The 21/31 (67.7%) is the platform ceiling for the notes category on this hardware + iCloud setup. Any agent's score is bounded above by this number; the gap from agent peak (kinclaw + Kimi K2.5 = 17/31 = 54.8% on the notes-only run) to the platform ceiling (21/31) is the real agent capability gap, free of platform noise.
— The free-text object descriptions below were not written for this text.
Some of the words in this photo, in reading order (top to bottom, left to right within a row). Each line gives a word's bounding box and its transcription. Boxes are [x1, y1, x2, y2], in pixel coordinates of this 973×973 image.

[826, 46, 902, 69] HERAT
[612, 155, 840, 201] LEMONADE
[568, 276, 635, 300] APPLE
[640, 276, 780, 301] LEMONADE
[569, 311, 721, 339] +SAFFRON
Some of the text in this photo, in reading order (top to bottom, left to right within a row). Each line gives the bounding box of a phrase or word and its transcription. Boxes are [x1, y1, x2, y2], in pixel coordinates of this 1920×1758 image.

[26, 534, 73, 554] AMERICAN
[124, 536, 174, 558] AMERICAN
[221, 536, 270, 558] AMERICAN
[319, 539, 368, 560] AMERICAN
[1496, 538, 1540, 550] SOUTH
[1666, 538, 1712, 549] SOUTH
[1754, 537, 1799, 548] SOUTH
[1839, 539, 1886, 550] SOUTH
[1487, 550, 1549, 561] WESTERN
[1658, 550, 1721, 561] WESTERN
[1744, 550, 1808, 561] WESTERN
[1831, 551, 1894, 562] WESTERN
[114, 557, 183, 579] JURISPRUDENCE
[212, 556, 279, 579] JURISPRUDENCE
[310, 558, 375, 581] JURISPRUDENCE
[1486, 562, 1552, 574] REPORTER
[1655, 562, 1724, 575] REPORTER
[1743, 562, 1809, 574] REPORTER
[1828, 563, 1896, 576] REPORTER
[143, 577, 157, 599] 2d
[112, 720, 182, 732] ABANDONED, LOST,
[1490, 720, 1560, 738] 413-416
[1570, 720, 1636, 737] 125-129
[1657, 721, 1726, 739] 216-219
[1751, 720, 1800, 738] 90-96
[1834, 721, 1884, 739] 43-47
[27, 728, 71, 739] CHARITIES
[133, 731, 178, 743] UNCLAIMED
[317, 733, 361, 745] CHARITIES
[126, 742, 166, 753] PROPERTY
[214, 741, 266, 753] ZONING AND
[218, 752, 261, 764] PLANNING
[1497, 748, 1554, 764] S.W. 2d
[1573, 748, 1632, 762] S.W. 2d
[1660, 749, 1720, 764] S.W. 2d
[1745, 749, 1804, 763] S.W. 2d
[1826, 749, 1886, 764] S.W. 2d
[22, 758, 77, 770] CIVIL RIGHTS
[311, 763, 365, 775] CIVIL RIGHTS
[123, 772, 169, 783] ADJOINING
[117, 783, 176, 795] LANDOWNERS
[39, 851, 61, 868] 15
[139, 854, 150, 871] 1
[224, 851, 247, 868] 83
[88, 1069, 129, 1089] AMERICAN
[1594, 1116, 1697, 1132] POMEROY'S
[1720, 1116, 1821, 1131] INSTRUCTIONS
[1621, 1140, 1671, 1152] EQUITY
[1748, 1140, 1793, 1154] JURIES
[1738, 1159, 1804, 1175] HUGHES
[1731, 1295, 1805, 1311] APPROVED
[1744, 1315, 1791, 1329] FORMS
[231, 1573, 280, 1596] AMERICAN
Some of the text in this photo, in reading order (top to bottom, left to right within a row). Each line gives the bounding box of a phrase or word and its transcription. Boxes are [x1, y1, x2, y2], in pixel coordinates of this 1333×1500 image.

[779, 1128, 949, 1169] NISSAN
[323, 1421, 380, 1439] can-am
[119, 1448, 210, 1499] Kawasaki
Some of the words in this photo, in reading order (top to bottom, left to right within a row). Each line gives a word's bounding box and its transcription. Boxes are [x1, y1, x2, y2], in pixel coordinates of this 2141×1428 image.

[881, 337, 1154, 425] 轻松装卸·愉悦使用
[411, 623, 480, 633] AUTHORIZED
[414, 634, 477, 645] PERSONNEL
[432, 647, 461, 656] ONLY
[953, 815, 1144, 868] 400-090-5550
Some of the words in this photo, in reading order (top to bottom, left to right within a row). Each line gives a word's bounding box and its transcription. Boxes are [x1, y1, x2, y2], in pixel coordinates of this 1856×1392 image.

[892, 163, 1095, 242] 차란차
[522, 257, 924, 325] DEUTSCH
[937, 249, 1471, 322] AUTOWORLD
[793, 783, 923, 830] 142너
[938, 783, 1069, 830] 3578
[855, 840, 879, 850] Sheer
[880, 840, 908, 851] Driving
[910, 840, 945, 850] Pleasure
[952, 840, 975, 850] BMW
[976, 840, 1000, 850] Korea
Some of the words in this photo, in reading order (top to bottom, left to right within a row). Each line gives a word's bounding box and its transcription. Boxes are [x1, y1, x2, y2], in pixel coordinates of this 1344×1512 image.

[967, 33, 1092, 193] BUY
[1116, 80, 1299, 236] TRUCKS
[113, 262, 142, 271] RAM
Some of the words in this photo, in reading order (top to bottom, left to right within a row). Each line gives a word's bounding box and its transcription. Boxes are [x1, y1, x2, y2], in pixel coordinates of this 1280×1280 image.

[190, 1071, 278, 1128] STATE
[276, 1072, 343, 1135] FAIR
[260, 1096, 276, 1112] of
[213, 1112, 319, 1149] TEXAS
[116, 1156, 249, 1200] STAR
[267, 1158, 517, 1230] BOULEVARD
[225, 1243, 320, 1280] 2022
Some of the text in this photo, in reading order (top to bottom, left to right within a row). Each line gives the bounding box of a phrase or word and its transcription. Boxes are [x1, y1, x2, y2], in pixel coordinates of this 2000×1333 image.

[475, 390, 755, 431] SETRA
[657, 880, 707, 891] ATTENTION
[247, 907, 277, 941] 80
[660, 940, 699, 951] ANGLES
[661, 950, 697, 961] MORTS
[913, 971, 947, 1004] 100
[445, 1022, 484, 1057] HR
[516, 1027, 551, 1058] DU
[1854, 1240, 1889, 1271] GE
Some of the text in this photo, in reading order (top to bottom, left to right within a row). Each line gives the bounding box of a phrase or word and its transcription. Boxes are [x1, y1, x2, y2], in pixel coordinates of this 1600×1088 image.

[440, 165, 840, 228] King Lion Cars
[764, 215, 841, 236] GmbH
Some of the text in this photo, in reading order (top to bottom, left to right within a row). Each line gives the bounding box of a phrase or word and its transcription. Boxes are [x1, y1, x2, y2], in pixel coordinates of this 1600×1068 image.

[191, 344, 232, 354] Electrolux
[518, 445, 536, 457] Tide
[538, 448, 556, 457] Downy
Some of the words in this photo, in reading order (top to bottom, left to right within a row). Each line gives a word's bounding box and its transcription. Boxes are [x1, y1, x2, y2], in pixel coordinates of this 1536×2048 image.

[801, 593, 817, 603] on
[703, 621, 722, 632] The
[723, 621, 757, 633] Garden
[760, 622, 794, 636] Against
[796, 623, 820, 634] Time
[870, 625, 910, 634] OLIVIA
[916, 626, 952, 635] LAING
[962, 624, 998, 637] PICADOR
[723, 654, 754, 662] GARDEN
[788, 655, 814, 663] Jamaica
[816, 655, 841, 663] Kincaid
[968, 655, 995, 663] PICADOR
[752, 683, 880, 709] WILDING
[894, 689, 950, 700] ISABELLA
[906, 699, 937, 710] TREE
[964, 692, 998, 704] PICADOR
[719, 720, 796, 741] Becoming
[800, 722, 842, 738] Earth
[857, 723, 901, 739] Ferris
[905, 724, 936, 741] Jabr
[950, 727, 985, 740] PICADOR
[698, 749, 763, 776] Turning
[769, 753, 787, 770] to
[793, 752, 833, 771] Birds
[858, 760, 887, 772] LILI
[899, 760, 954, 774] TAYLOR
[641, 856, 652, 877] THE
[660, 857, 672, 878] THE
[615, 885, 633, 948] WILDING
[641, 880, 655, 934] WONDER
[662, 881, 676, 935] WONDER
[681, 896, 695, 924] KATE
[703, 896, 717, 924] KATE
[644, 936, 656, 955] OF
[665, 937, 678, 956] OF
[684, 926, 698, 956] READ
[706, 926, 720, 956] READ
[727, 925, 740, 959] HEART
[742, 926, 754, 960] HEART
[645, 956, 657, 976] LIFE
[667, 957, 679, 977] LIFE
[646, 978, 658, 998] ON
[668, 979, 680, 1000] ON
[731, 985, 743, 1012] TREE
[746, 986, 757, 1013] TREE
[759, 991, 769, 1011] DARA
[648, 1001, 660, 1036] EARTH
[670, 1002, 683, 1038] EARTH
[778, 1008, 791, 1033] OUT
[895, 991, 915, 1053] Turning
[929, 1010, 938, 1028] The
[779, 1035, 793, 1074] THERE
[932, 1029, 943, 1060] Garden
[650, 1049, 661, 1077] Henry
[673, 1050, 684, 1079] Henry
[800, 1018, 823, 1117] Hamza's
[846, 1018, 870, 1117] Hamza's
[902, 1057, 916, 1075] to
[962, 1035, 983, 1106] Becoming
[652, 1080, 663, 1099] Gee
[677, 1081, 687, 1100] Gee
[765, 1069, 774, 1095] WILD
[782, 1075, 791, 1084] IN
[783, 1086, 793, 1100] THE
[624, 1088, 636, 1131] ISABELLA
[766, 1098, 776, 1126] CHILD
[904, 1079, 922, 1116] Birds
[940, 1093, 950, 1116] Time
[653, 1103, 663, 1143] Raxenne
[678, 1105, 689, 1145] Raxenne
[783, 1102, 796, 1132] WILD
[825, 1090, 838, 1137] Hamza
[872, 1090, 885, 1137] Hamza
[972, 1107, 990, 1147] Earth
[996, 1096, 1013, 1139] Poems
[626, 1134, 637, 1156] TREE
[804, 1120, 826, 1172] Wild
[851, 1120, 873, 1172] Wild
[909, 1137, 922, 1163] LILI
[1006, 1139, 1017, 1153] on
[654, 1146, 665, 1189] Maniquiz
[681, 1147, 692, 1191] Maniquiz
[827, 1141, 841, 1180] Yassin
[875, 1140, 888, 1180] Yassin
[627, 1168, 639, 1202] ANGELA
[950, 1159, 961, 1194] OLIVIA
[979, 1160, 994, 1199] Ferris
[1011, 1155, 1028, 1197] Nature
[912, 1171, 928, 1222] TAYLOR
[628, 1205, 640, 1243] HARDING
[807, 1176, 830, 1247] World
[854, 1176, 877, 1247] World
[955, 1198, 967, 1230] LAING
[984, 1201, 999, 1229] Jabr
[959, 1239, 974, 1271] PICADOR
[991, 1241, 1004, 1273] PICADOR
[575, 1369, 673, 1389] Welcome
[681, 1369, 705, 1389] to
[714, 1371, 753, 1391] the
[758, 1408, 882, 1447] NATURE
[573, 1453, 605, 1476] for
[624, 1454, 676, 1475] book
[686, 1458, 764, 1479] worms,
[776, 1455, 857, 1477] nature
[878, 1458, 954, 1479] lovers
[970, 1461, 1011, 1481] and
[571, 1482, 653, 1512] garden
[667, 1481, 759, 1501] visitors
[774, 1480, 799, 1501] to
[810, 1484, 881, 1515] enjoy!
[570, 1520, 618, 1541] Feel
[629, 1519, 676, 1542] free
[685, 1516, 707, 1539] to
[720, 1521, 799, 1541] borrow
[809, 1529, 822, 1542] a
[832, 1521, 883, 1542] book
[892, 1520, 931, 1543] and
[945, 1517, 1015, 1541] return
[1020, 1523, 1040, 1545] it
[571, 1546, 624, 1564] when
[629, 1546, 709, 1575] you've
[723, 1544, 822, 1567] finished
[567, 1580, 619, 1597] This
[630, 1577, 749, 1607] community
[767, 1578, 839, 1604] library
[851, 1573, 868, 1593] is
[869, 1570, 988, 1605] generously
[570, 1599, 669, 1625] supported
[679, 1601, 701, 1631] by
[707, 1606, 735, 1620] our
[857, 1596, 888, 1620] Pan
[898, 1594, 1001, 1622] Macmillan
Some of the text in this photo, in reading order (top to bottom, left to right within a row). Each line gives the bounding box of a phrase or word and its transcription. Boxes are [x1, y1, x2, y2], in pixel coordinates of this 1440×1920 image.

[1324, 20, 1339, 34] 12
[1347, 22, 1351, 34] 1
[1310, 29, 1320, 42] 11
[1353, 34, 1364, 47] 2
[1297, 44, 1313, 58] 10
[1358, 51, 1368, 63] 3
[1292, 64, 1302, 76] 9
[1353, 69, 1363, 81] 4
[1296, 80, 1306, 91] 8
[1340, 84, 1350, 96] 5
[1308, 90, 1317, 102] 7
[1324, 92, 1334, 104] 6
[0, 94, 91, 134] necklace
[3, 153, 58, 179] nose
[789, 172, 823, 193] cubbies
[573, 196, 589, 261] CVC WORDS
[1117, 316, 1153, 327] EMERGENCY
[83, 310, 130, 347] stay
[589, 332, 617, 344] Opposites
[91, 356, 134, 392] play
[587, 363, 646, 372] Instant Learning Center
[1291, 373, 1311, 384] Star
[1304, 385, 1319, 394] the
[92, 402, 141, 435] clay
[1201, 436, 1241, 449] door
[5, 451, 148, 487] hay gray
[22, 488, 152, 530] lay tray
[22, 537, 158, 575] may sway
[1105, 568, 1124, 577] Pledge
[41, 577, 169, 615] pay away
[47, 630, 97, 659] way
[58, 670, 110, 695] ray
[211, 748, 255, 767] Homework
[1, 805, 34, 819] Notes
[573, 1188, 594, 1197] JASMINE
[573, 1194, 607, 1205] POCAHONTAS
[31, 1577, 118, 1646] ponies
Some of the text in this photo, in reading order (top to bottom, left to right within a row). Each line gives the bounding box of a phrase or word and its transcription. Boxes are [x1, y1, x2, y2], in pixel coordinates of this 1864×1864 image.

The 10 reference verifier fails decompose into four categories:

●AppleScript dictionary regression on macOS 14+ (3 tasks: 164 / 165 / 166). Apple removed the pinned property from Notes' AppleScript dictionary in macOS 14. Reading or setting pinned of note errors with Can't make pinned of note id "..." into type specifier. There is no workaround other than UI-level pin-via-File-menu, which is brittle to drive headless. We mark these tasks as having a soft-pass eval (note still exists + modification > creation = PASS) and document the limit alongside 166 (lock note).
●iCloud sync timing variance (4 tasks: 036 / 176 / 183 / 188). Notes operations dispatched via AppleScript return "success" before iCloud has replicated the change. eval.sh, which runs immediately after, reads the pre-replication state. Adding 5-second buffers helps but doesn't always close the race; the variance is 1-30 seconds depending on iCloud activity from other devices.
●Mail draft persistence semantics (2 tasks: 167 / 369). AppleScript's make new outgoing message followed by save produces an unsaved compose-state message that AppleScript's own every message of mailbox "Drafts" query does not see — the draft is in Mail's compose queue, not yet flushed to the Drafts mailbox. Closing the compose window with close saving yes works inconsistently; the timing required for the flush is account-dependent.
●Notes UI keystroke flakiness (1 task: 171 image attach + run-to-run variance on 169 / 170 / 172 / 173 / 174). The clipboard-paste path for image attachments works ~80% of the time; the failures cluster around iCloud-sync collisions during the paste. The format / heading / checklist UI keystroke paths work ~60-90% per attempt with no clear deterministic pattern.

This decomposition has methodological consequences:

●Future cross-agent comparisons should report PASS / platform ceiling not just PASS / total. An agent scoring 17/31 on raw counts is at 17/21 = 81% of the platform ceiling — a much fairer characterization of agent capability.
●The reference verifier is a per-Mac calibration tool, not a fixed number. Different Mac hardware, iCloud account states, and macOS versions produce different ceilings. A community-contributed ceiling per environment is the v0.3 vision.
●The tools/reference_verifier.sh runtime is ~100 seconds total, vs. ~30 minutes for a full agent run. Iterating on eval.sh changes against the reference (rather than the agent) gives a tight feedback loop without burning brain inference budget.

Alongside this discovery, v0.1.1 also lands 10 stub implementations (notes category 21→31 fully implemented, total 150→160 of 369) and 5 eval bug fixes (the most consequential: tasks/036-notes-delete/eval.sh was counting matches in Notes' "Recently Deleted" folder, so a successfully-deleted note still appeared as count = 1 and the eval never returned PASS — the same bug existed in 188-notes-bulk-delete-tagged).

7. Limitations

We commit to these explicitly in v0.1 and target each in roadmap (§8).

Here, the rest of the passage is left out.